Qaddafi’s troops have killed thousands, some during clashes with opposition fighters, since February, and the turmoil has helped push oil prices up more than 30 percent from a year ago. Crude for June delivery on the New York Mercantile Exchange rose $1.52, or 1.6 percent, to $98.43 a barrel at 9:12 a.m.
NATO said British jets hit two targets in the Libyan capital, Tripoli, and identified them as a command-and-control building and a military-training facility. The Associated Press, citing Britain’s Ministry of Defense, said British aircraft had bombed an intelligence agency and a training base for bodyguards protecting members of Qaddafi’s regime. NATO also said it has helped push loyalist forces back in rebel-held city of Misrata.
British Royal Air Force Wing Commander Mike Bracken, NATO’s military spokesman at the alliance’s mission command in Naples, Italy, said allied jets hit a “huge” number of targets in the last few days and are increasingly aiming at Qaddafi’s military infrastructure. RAF planes destroyed several vehicles near Misrata and hit a command bunker near Tarhunah yesterday, the U.K.’s Ministry of Defense said today in an e-mailed statement.
Forces loyal to Qaddafi conducted “extremely heavy attacks” along the Tunisian border yesterday, the rebels’ National Transitional Council said in a statement, citing local media representatives from the western Nafusa Mountains. At least three residents were killed and nine injured, it said.
“Representatives have confirmed that Qaddafi forces are using GRAD missiles, snipers, and a previously unseen type of mortar,” it said. “The Tunisian border is an essential lifeline for the delivery of humanitarian aid, which is now unable to reach civilians in the Nafusa area.”
Qaddafi forces have also staged “heavy attacks” in the western city of Yafren, focusing on the hospital there, the council said. It didn’t provide further details.
In Benghazi, Shamiya said that continued funding delays may cause a shortage of cash in rebel-held areas. Rebel officials are encouraging Libyans to deposit their money in banks, he said.
Shamiya said there is a two-month reserve of subsidized food staples, such as rice and flour. Prices for some unsubsidized foods have increased “slightly” and shortages have been reported, he said.

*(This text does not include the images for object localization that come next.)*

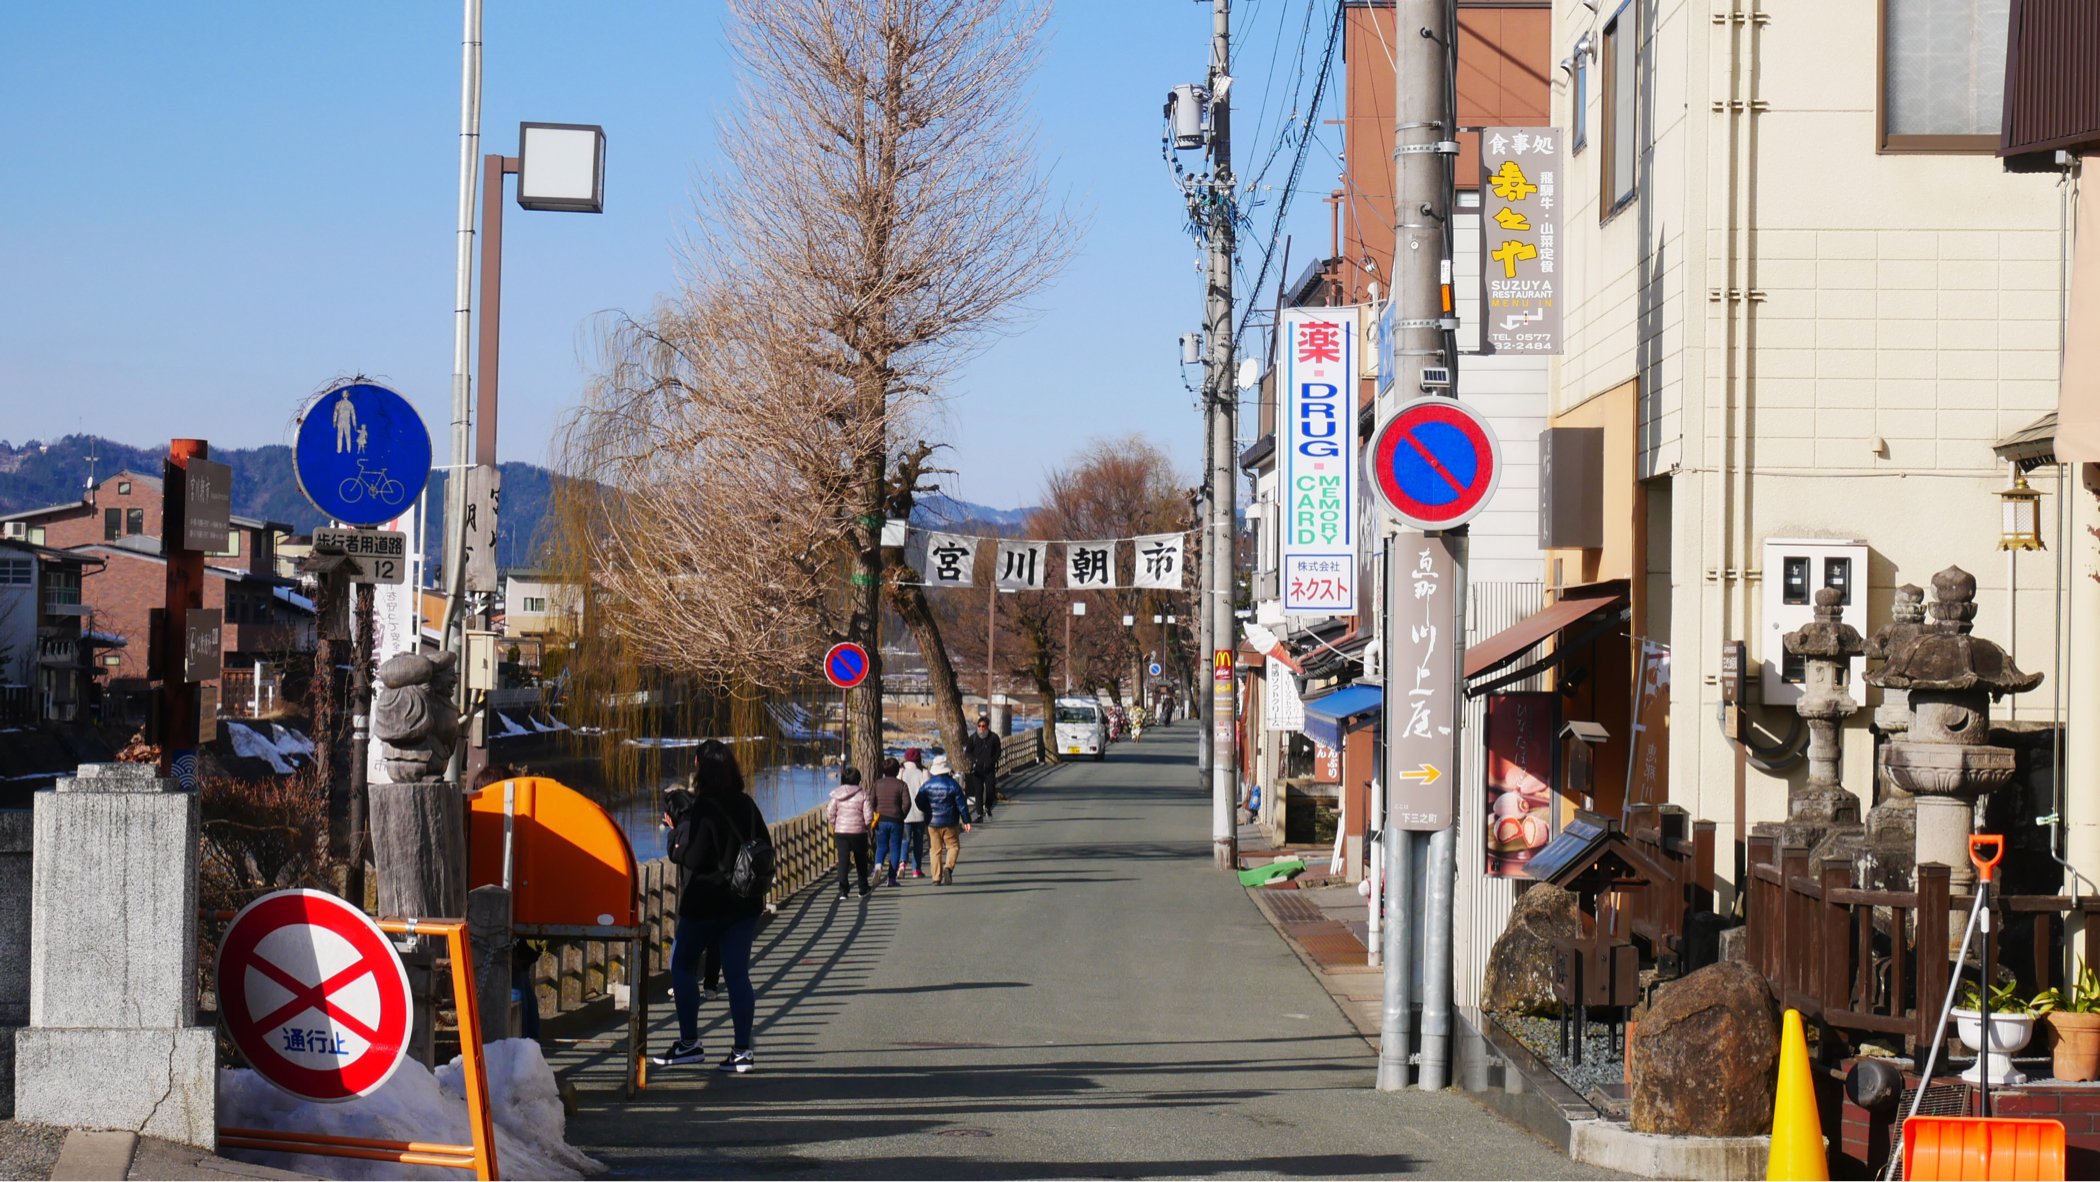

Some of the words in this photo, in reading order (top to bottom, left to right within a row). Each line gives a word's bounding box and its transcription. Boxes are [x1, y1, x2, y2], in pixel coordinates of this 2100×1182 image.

[1488, 133, 1555, 155] 食事処
[1539, 171, 1554, 273] 飛騨牛・山菜定食
[1491, 280, 1552, 290] SUZUYA
[1492, 290, 1553, 299] RESTAURANT
[1491, 298, 1530, 307] MENU
[1538, 298, 1553, 307] IN
[1297, 321, 1341, 364] 薬
[1492, 333, 1512, 341] TEL
[1516, 333, 1552, 341] 0577
[1493, 342, 1552, 350] 32-2484
[1300, 382, 1340, 457] DRUG
[1296, 475, 1316, 545] CARD
[1319, 475, 1341, 545] MEMORY
[316, 533, 403, 555] 歩行者用道路
[374, 560, 395, 579] 12
[932, 542, 1178, 586] 宮川朝市
[1297, 561, 1341, 572] 株式会社
[1290, 576, 1348, 602] ネクスト
[1401, 812, 1438, 824] 下三之町
[282, 1027, 350, 1056] 通行止

Rebel officials paid April salaries and are working to come up with the May payments, he said. Salaries have been capped at 750 Libyan dinars ($618) per person.
Ghanem, who chaired the state-owned National Oil Corp., arrived in Austria, Mahmoud Shammam, a spokesman for the rebel government, said today in an interview in Doha, Qatar. Austrian Foreign Ministry spokesman Alexander Schallenberg said he had no information about whether Ghanem is in Austria.
The rebels “are not interested in speaking to Ghanem until he says he has defected,” Shammam said.
Ghanem, 68, had served since 2006 as the state company’s chairman, the highest-ranking position in the nation’s oil industry as Libya doesn’t have an energy ministry. A former head of research at the Organization of Petroleum Exporting Countries, Ghanem was appointed prime minister by Qaddafi in 2003, with the task of opening up the economy to private investments, both local and foreign.